“We're told that there are no new stories. But the world creates opportunities for new stories every single day. It's not just the ever-changing technology, though that certainly helps. What happens is more fundamental. As technology changes our relationships change, not just to the technology, but also to one another. Yes, we all know about virtual friends; that are already old. The relationships between parents and children, between fathers and sons are undergoing constant change. As we live longer, and are required to work longer, fathers and sons can find themselves on a level playing field. Until somebody blows it up.
Charlie Clark is an unremarkable man, in most ways. Other than his ability to lose money at the track, that is. He's got a real talent for that. His father, Drummond, is even more forgettable—and alas, now, "forgetful." He wanders away from his bleak, barren Brooklyn apartment and can't find his way home. He can "remember" his career as an appliance salesman. Charlie gets the call to pick him up, and then, things start blowing up. No, it's not Charlie's Russian creditors. Turns out, it's Drummond's past that has come back to hunt, not haunt him. And Drummond's past is not quite so bland as he's led his son to believe.
I'd recommend picking up Once A Spy (Doubleday/Random House; March 9, 2010; $24.95) by Keith Thomson and dipping right in, bypassing the spoiler-ific dust jacket and "Product Descriptions." I like my spy thrillers cold, and Once A Spy is as cold as they come, but with a warm sense of honest family dishonesty and violent sense of humor. But driving the novel is a great, and to my mind, innovative new spin on the father and son relationship. For all the ancillary canon fodder, the ticking-time-bomb plot and the derring-do, Once A Spy is really a great book about getting to know your father under circumstances that were really not possible until this moment in history.
After all, it is only now that we know what can happen with Alzheimer's disease, and terrorism, as we know it now, is chock full of potential destruction. That there should be a connection between these two facts is not at all obvious, but Thomson finds a way to put a father and son through a wringer designed by Rube Goldberg for a gritty James Bond movie. Once A Spy is a wonderfully fun novel of discovery, matching explosive apartments with explosive revelations.

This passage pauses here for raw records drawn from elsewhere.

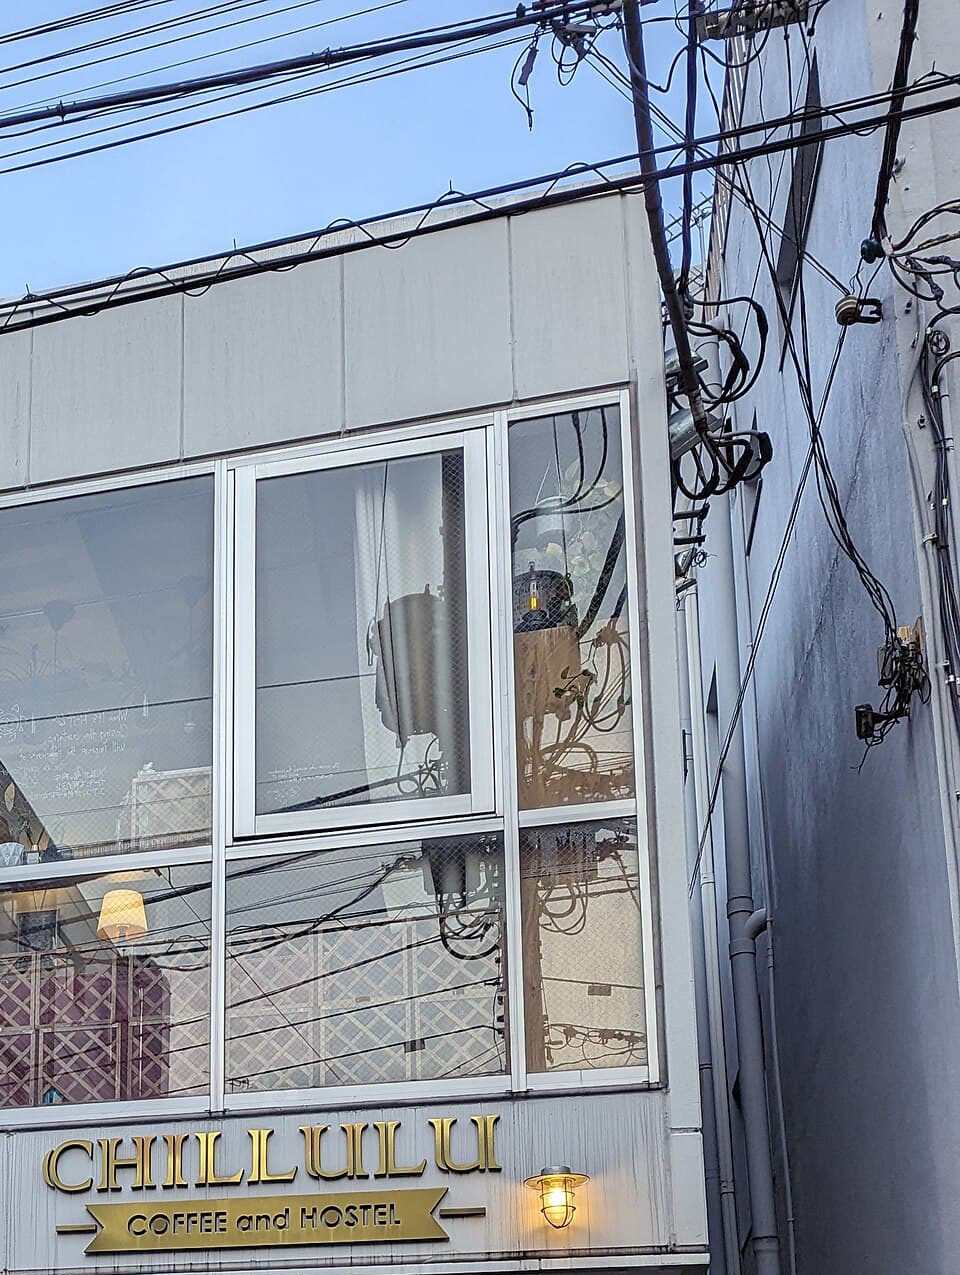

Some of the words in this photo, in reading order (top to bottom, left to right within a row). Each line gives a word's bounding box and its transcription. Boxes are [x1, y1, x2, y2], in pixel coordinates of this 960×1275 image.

[42, 1114, 502, 1192] CHILLULU
[127, 1211, 227, 1237] COFFEE
[236, 1207, 290, 1232] and
[299, 1203, 401, 1229] HOSTEL
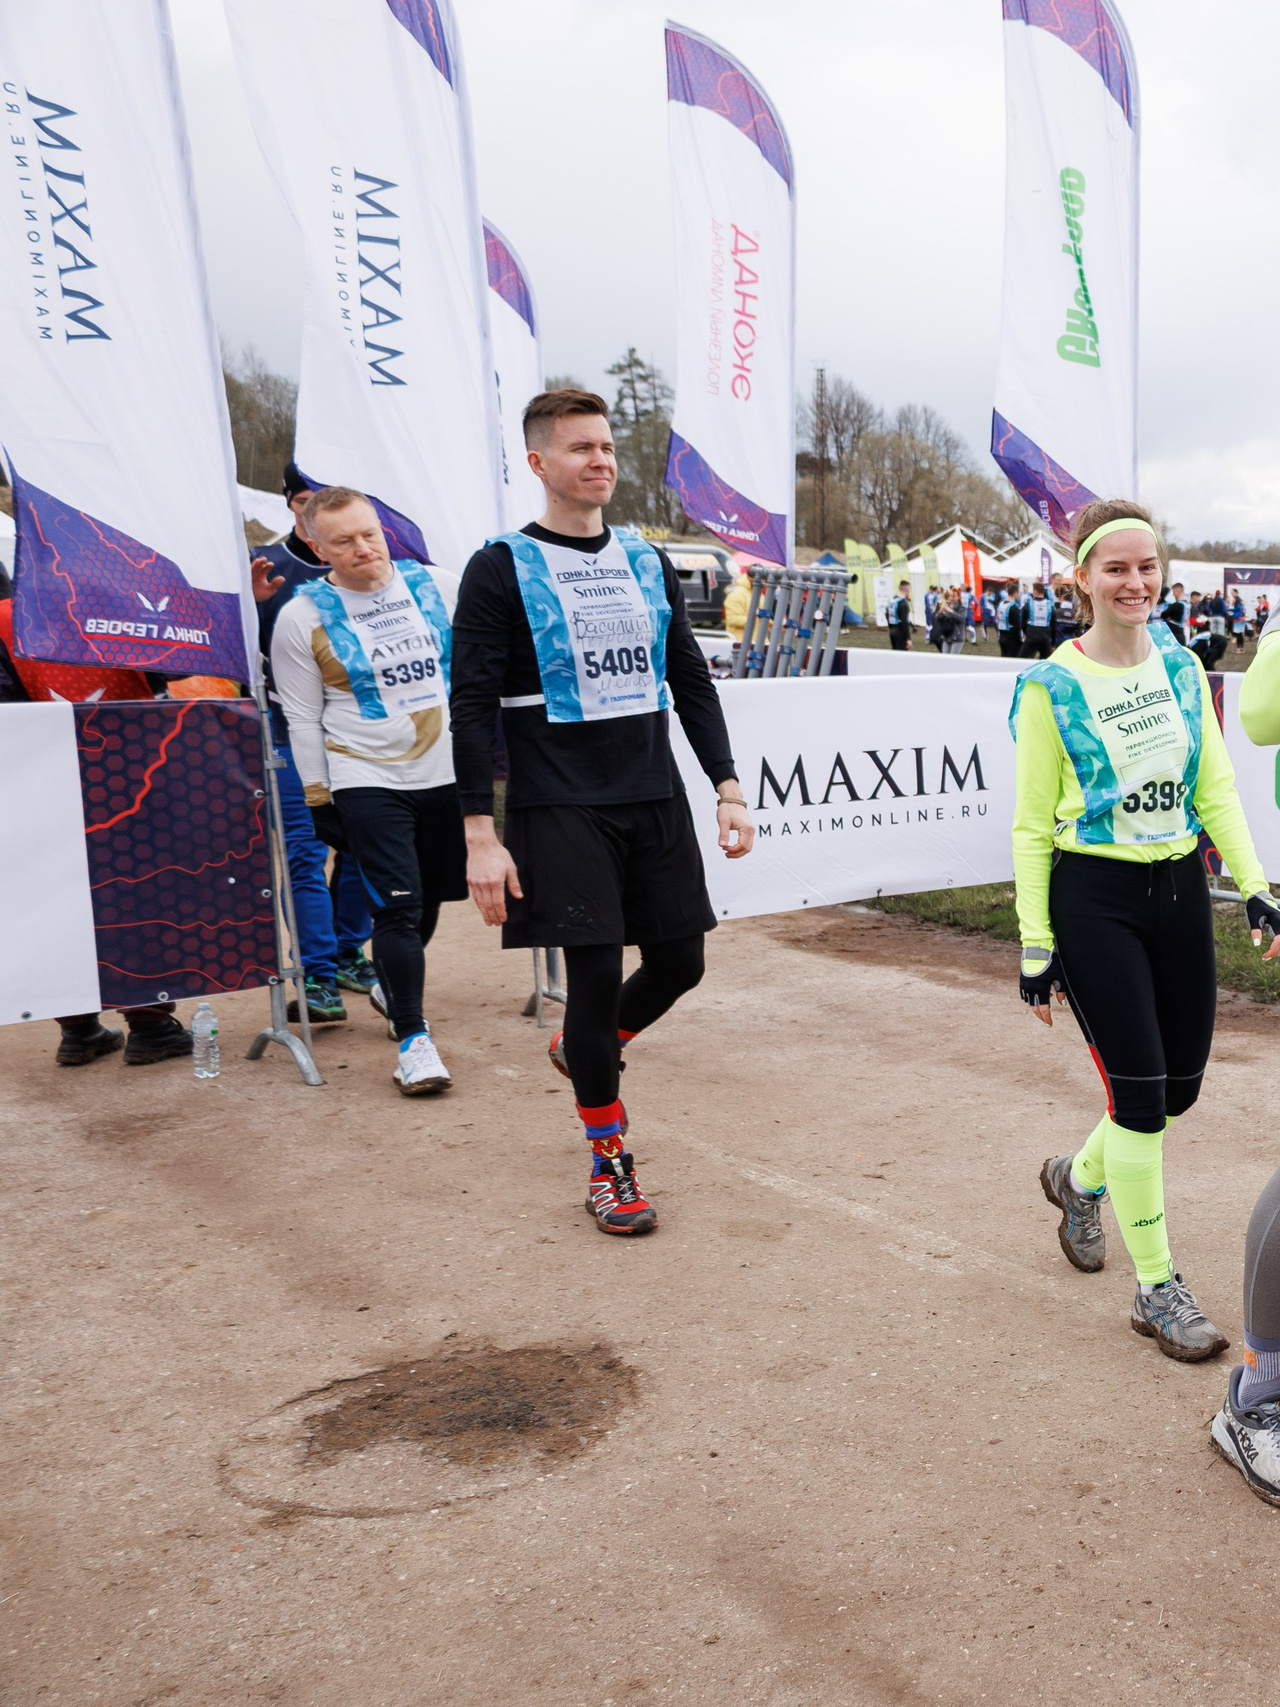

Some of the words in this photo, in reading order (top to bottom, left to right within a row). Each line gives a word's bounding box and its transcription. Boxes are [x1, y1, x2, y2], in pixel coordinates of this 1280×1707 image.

[556, 570, 593, 581] ГОНКА
[594, 568, 630, 577] ГЕРОЕВ
[573, 584, 628, 599] Sminex
[367, 614, 411, 632] Sminex
[382, 657, 436, 687] 5399
[583, 646, 649, 679] 5409
[1097, 700, 1135, 719] ГОНКА
[1136, 689, 1171, 706] ГЕРОЕВ
[1117, 712, 1171, 738] Sminex
[1125, 730, 1177, 752] ПЕРФЕКЦИОНИСТЫ
[1128, 751, 1142, 759] FINE
[753, 742, 990, 811] MAXIM
[1122, 780, 1187, 814] 5398
[758, 803, 988, 838] MAXIMONLINE.RU
[1237, 1427, 1259, 1464] HOKA
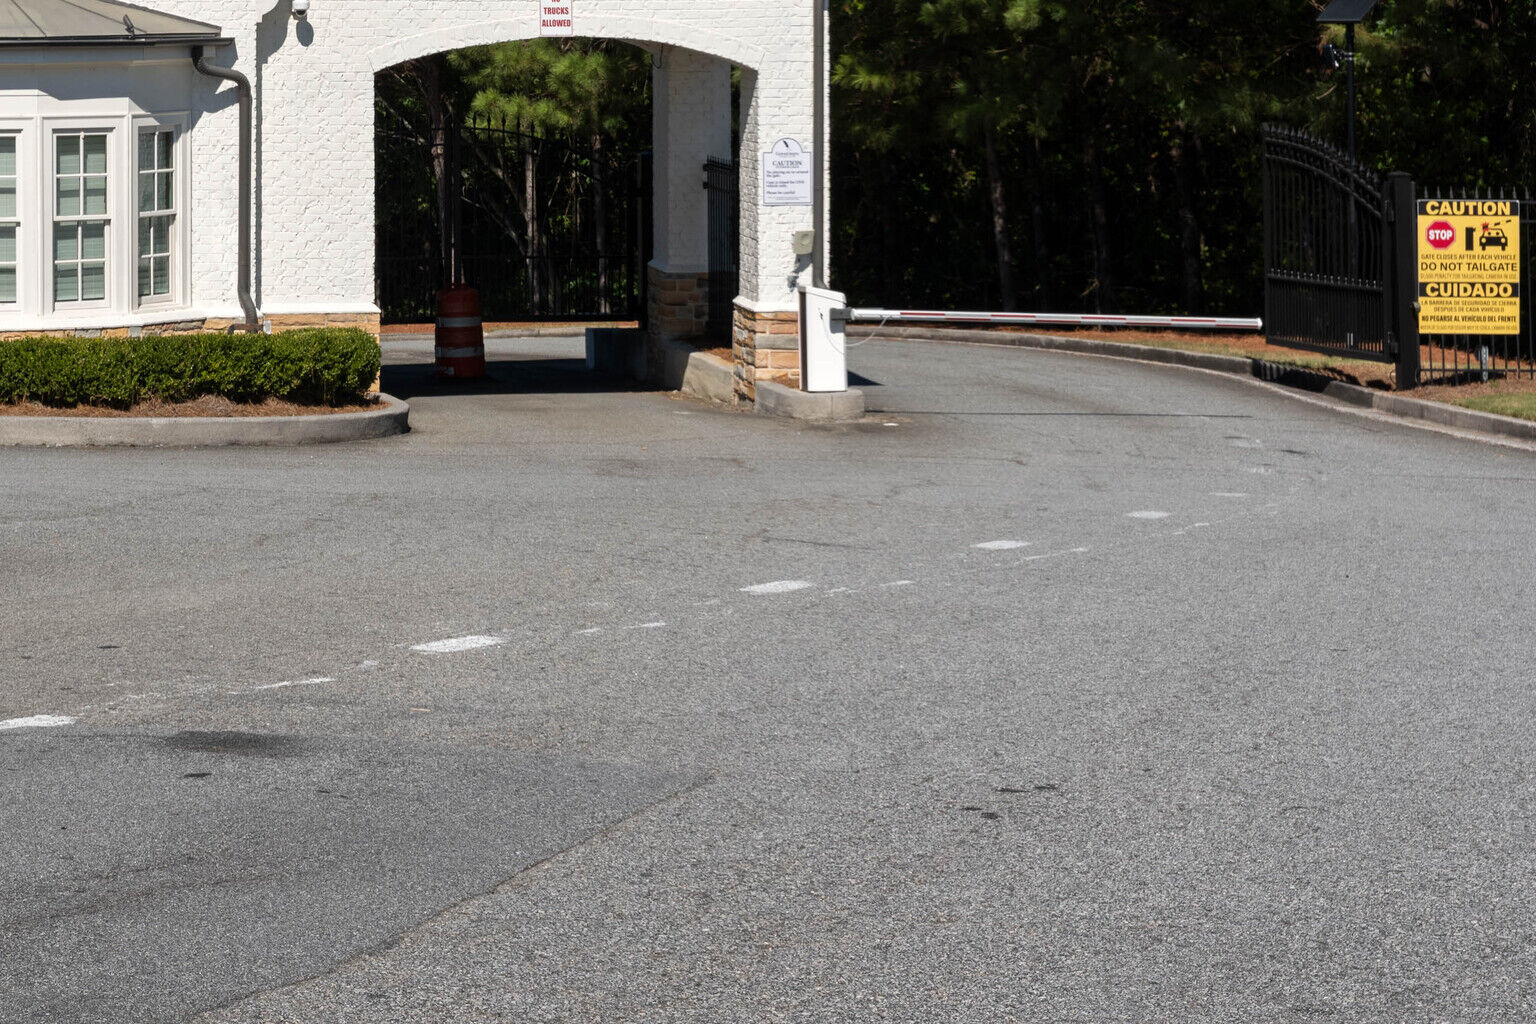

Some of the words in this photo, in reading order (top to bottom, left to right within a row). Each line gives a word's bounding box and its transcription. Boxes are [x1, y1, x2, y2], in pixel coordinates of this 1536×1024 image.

[544, 7, 569, 15] TRUCKS
[542, 19, 571, 27] ALLOWED
[1426, 201, 1511, 215] CAUTION
[1428, 229, 1453, 240] STOP
[1420, 262, 1437, 271] DO
[1440, 262, 1463, 271] NOT
[1466, 262, 1518, 271] TAILGATE
[1426, 283, 1512, 297] CUIDADO
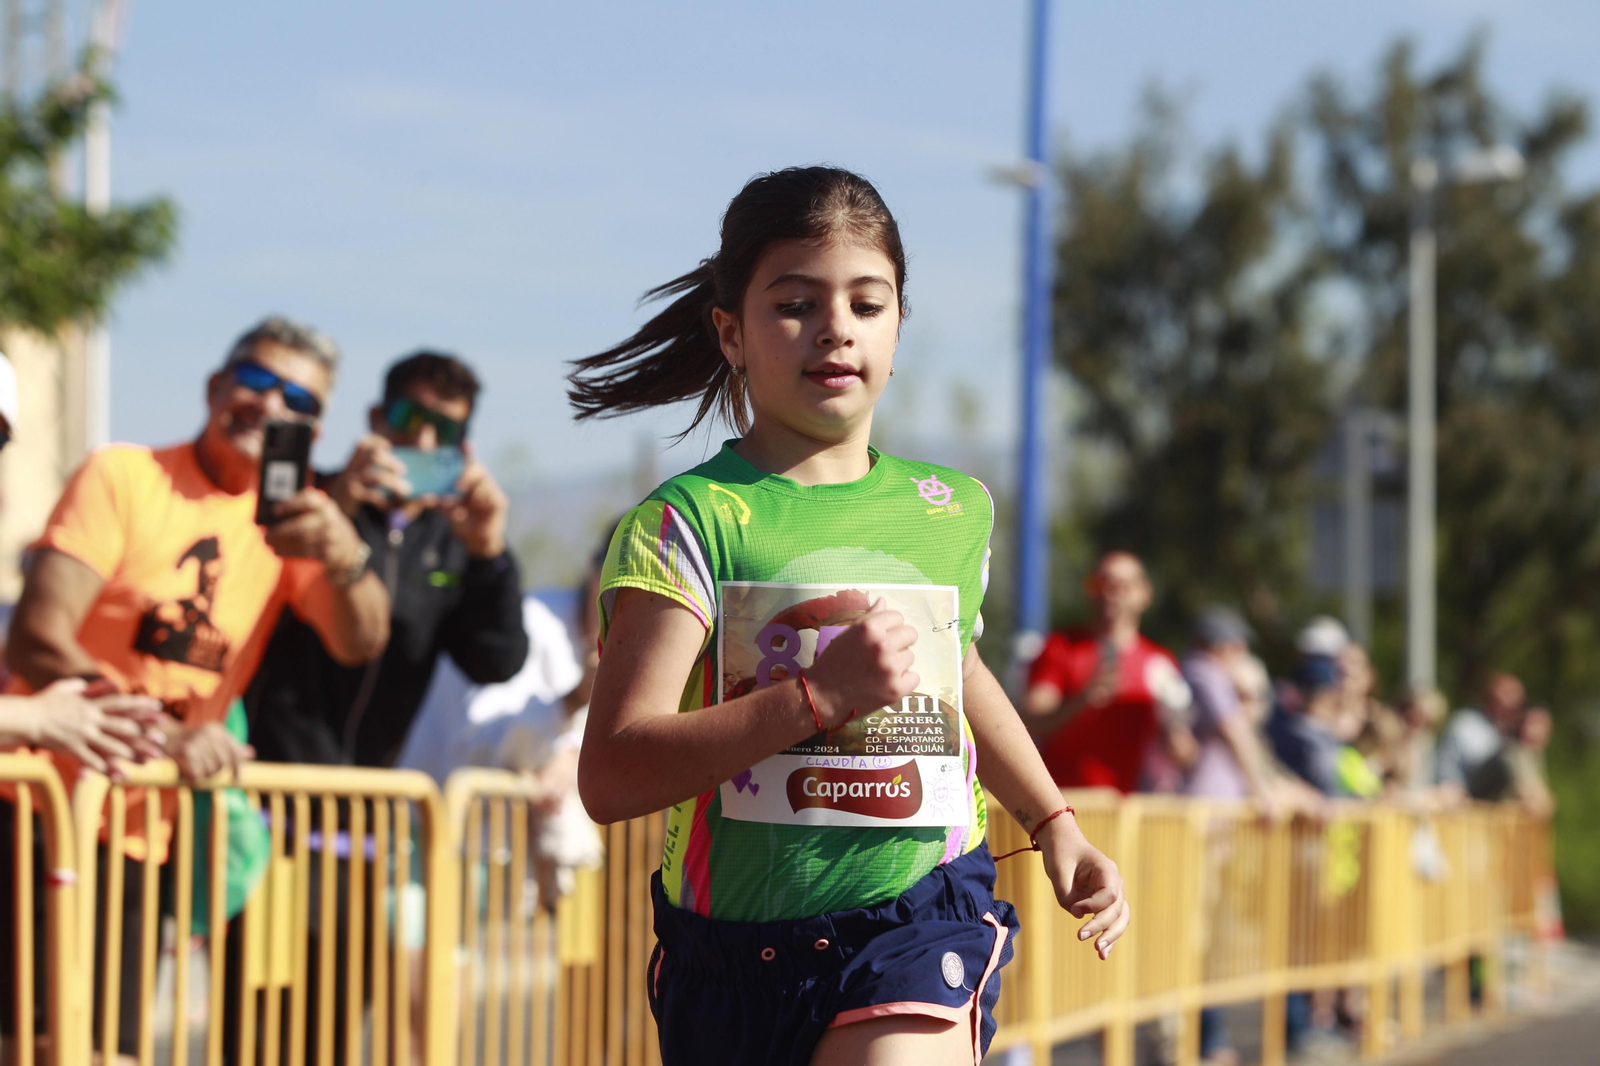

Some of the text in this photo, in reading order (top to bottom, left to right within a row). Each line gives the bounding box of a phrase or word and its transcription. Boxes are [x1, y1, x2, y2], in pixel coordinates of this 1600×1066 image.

[866, 716, 944, 725] CARRERA
[867, 727, 944, 735] POPULAR
[865, 736, 882, 744] CD.
[814, 745, 840, 753] 2024
[865, 743, 944, 754] DEL ALQUIÁN
[806, 755, 868, 769] CLAUDIA

Thomson does a very nice job of keeping things personal and writing what is really a two-few novel with a lot of collateral damage. For all the revelations, violence and pursuits, this is a taut father-son dialogue about truth, lies and responsibility. Thomson's twist, putting the responsibility where it has apparently been vacuumed away, is a great way into both a spy novel and a novel of reconciliation. It's a new world out there—and if you look, there are new stories to be told.”